By Town of East Hampton
EAST HAMPTON: In June the town council took an important first step in preserving and protecting its historic Village Center with the implementation of a Tax Increment Financing (TIF) District. The TIF District plan will allow the town to set aside increased revenue generated through property taxes within the district in order to perform projects that directly benefit the Village Center area with the goal of promoting growth, redevelopment and creating an inviting atmosphere in the historic downtown.
East Hampton, known colloquially as Belltown, was once home to several bell and toy manufacturers, all of which were nestled in the Village Center, originally drawing on water power from nearby Lake Pocotopaug. Beginning in the 1970s, changes in the manufacturing industry resulted in the loss of all but one bell manufacturer to date. Several large historic mill buildings sit, blighted, vacant or underutilized throughout the area. TIF is a method used to catalyze economic development through anticipated future increases in property tax revenues to generate incremental revenues to help pay for costs within the district.
The Y is Q's First Tenant
By Putnam Economic Development
PUTNAM: n the true spirit of community, the Quinebaug Regional Technology Park (The Q) is a regional economic development initiative between the towns of Brooklyn, Pomfret, Putnam and Scotland. Strategically located in the Tri-State, including Conn., Mass. and R.I., The Q is a 267-acre technology park accessed directly off I-395 at Exit 45.
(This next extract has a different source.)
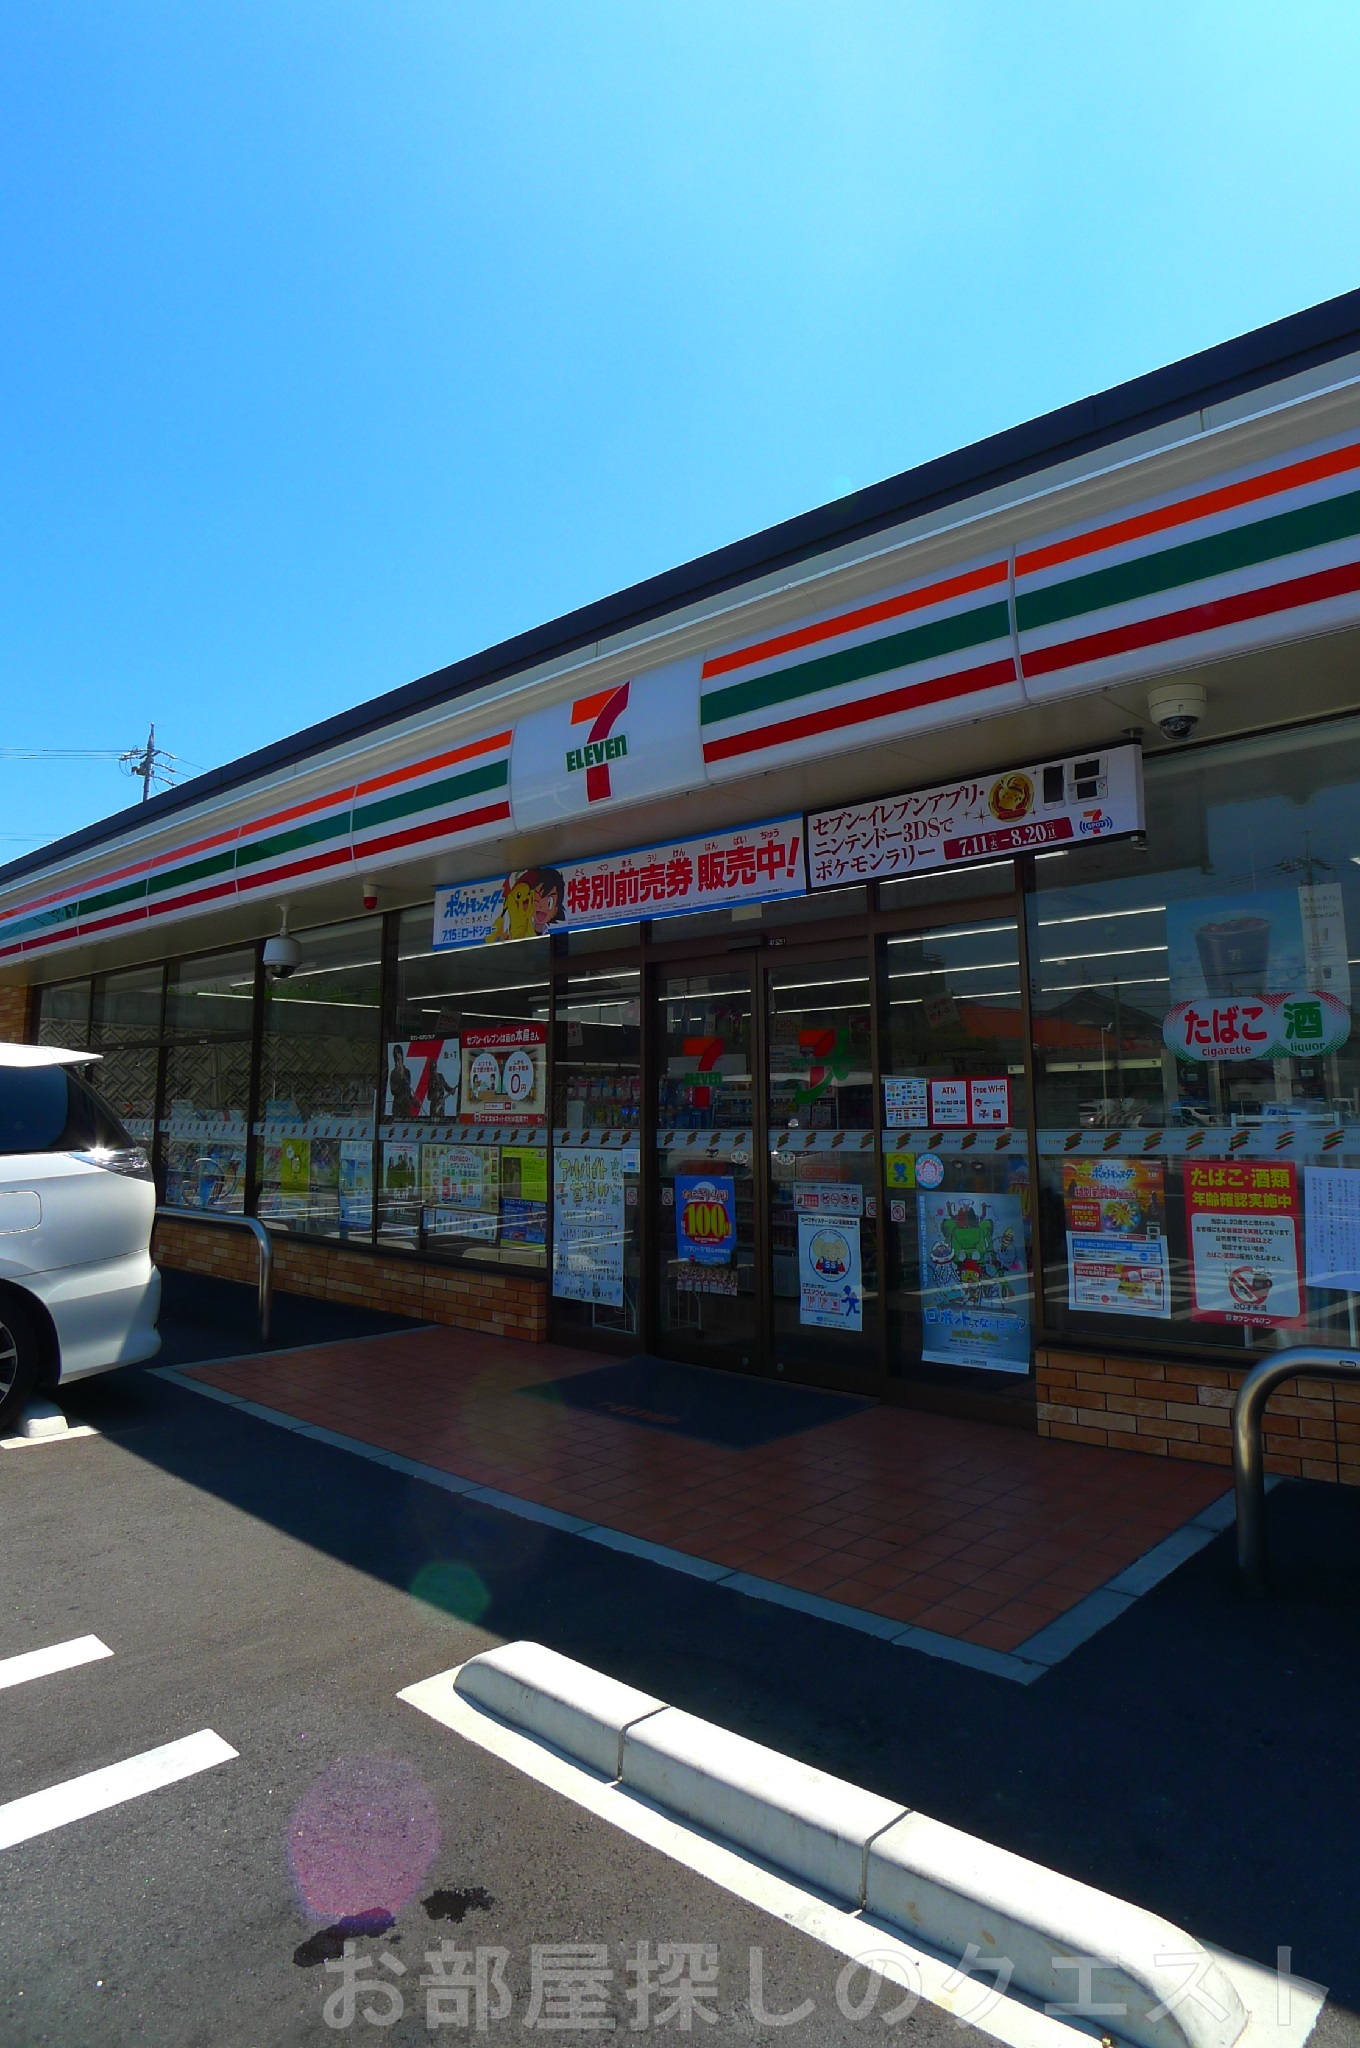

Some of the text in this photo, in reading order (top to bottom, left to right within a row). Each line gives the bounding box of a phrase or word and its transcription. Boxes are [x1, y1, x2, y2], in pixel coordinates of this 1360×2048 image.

Suited to support industry sectors such as aeronautics, plastics and medical devices, the site further supports the growing sectors of agritourism and ecotourism, like breweries and soap making. Amenities of The Q include The Hale YMCA Youth and Family Center, the Q’s first tenant, which offers two swimming pools, a whirlpool, exercise room, fitness classes, member child-care and many other health and wellness amenities.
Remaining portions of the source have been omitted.